The symmetry of brain hemispheres could be influenced by head malpositioning during CT examination or pre-existing localized brain lesions. However, symmetry loss in the automated GWR calculation indicated a lack of symmetry on the brain CT images, potentially leading to GWR miscalculation. If physicians identified a loss of symmetry during the initial evaluation, the case was excluded and defined as a manually excluded CT. The remaining cases were included in the automated calculation. The reasons for manual exclusion included loss of symmetry (N = 2), structural change (including intracranial hemorrhage or brain tumor, N = 11), severe brain atrophy resulting in symmetry loss (N = 4), and marked signal interference or incomplete imaging (N = 5).
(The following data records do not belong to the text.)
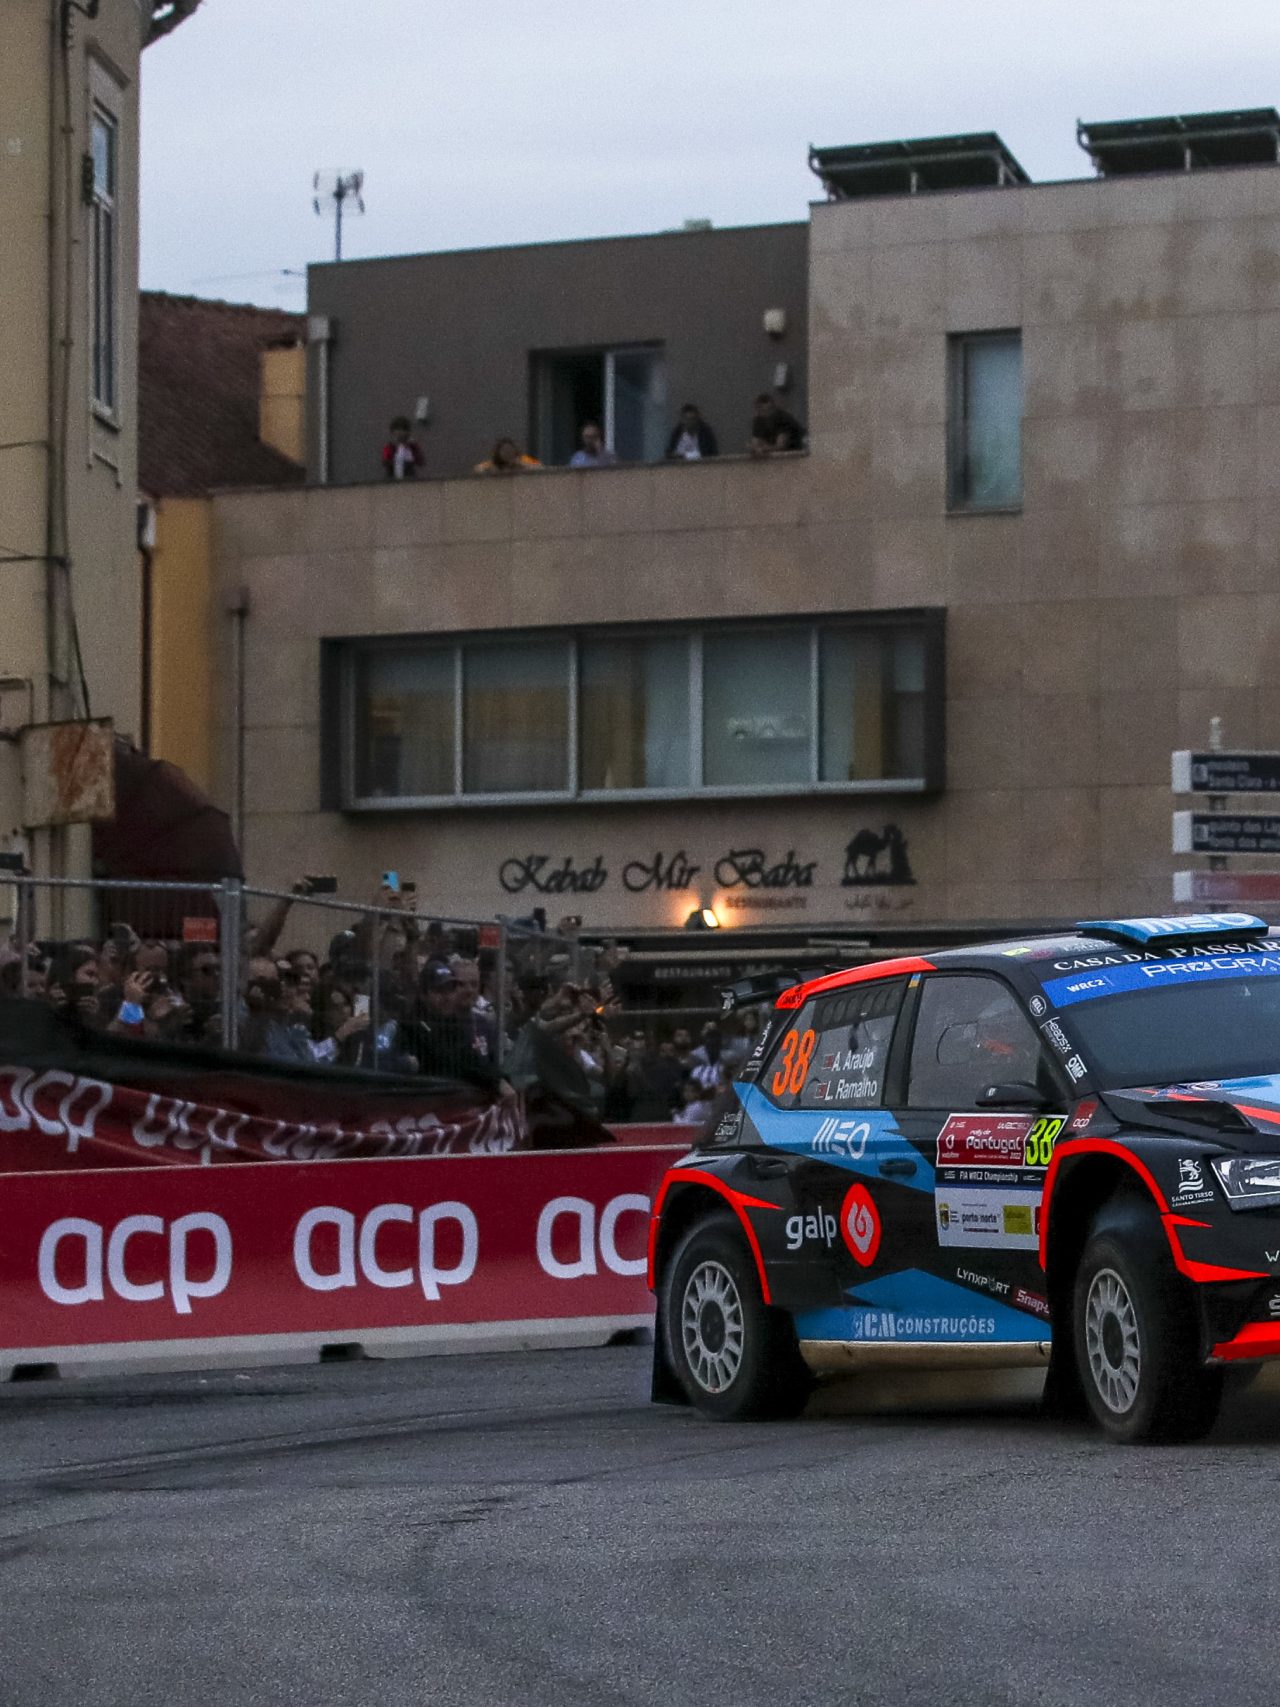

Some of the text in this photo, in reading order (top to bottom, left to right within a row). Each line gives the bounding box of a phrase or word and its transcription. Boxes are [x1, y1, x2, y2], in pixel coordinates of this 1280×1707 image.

[499, 850, 817, 893] Kebab Mir Baba
[1053, 956, 1119, 971] CASA
[1122, 951, 1162, 963] DA
[1066, 978, 1107, 993] WRC2
[772, 1029, 817, 1097] 38
[831, 1047, 875, 1073] A. Araújo
[824, 1078, 878, 1101] L. Ramalho
[965, 1136, 1022, 1154] Portugal
[1026, 1118, 1062, 1166] 38
[535, 1193, 652, 1280] ac
[785, 1205, 838, 1250] galp
[37, 1211, 233, 1315] acp
[293, 1200, 479, 1301] acp
[896, 1314, 995, 1338] CONSTRUÇÕES
Figure 3 shows representative examples. After manual exclusion, CTs were further excluded during the automated process by identifying low registration accuracy and any missing ROI segmentations. Subsequently, the automated method was employed for the remaining cases following manual exclusion. However, improper head orientation may cause poor registration with the Eve template, resulting in incorrect segmentation and GWR evaluation (N = 12). Moreover, due to the proximity of the CC and CN to the ventricle, the automated segmentation method may not capture them accurately. In such cases, the CC or CN might be missing, rendering the evaluation of the GWR impossible (N = 5).

Fig. 3figure 3

Representative examples of manually (upper row) and automatically (lower row) excluded CTs. In the upper row, manual exclusion criteria were applied, including a loss of symmetry, b structural change (e.g., intracranial hemorrhage), c severe signal interference, and d chronic large brain lesion with atrophy. In the lower row, automated exclusion of CTs resulted from inaccurate registration, leading to e loss of CC segmentation, f loss of CN segmentation, g loss of both CC and CN segmentations, and h incorrect segmentation. The regions enclosed by dotted lines indicate missing ROI segmentations. CC, corpus callosum; CN, caudate nucleus

Statistical analysis

Continuous variables, presented as the mean with standard deviation, were compared using Student’s t test, while categorical variables expressed as median with the interquartile range were compared employing the Chi-square test. Pearson’s correlation coefficient (PCC) was utilized to evaluate the correlation between manual and automated calculations of intensities across different brain gray and white matter regions. Receiver operating characteristic (ROC) curves were constructed for manual and automated GWR. The performance of different GWR calculation methods was compared by evaluating the difference in the area under the curve (AUCs) of the ROC curves for each method. Variables with a significance level of \(p<0.1\) were included in the multiple logistic regression model. Multiple logistic regression analyses were performed to identify independent variables associated with predicting favorable neurological outcomes. A \(p<0.05\) was considered significant. Statistical analyses were performed using R software 4.2.0.